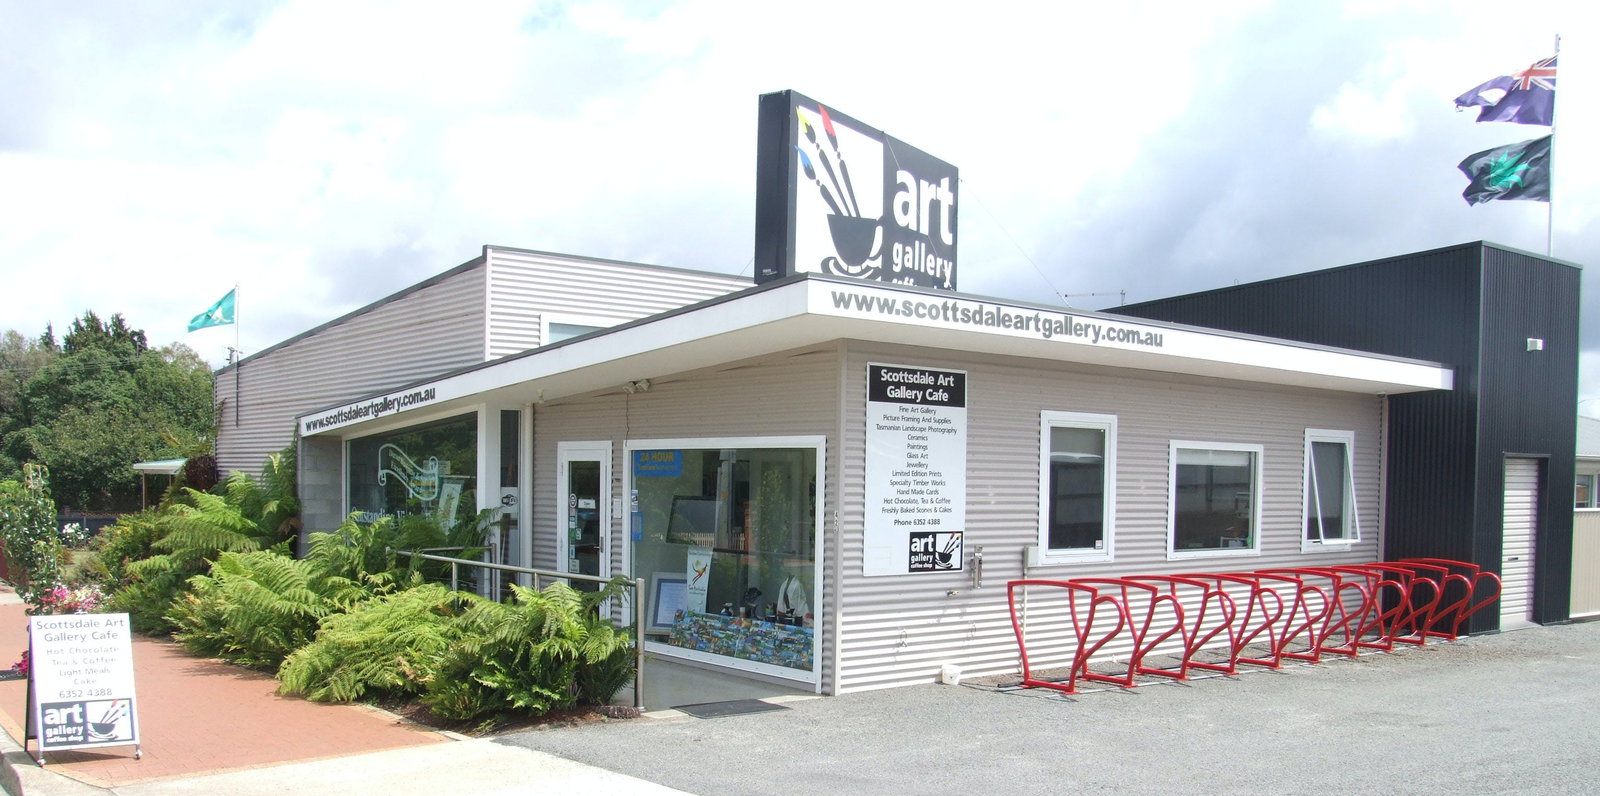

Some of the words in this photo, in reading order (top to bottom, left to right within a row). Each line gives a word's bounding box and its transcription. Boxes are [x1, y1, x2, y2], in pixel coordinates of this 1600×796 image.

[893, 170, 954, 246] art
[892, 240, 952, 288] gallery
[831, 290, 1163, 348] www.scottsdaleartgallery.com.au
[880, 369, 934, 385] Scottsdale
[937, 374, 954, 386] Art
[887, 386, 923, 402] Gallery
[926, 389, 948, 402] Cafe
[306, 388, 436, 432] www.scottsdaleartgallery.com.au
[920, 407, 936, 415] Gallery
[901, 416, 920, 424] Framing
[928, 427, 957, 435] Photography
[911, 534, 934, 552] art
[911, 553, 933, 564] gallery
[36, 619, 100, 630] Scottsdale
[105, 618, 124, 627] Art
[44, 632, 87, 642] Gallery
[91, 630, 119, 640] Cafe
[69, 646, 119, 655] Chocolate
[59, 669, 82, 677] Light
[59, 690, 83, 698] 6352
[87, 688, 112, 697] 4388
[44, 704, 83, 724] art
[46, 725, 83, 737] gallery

========================================================================

• Work to be completed: Each entry above must be restated word for word; the pictures stay out of the copy.

• Answer section:
Some of the words in this photo, in reading order (top to bottom, left to right within a row). Each line gives a word's bounding box and its transcription. Boxes are [x1, y1, x2, y2], in pixel coordinates of this 1600×796 image.

[893, 170, 954, 246] art
[892, 240, 952, 288] gallery
[831, 290, 1163, 348] www.scottsdaleartgallery.com.au
[880, 369, 934, 385] Scottsdale
[937, 374, 954, 386] Art
[887, 386, 923, 402] Gallery
[926, 389, 948, 402] Cafe
[306, 388, 436, 432] www.scottsdaleartgallery.com.au
[920, 407, 936, 415] Gallery
[901, 416, 920, 424] Framing
[928, 427, 957, 435] Photography
[911, 534, 934, 552] art
[911, 553, 933, 564] gallery
[36, 619, 100, 630] Scottsdale
[105, 618, 124, 627] Art
[44, 632, 87, 642] Gallery
[91, 630, 119, 640] Cafe
[69, 646, 119, 655] Chocolate
[59, 669, 82, 677] Light
[59, 690, 83, 698] 6352
[87, 688, 112, 697] 4388
[44, 704, 83, 724] art
[46, 725, 83, 737] gallery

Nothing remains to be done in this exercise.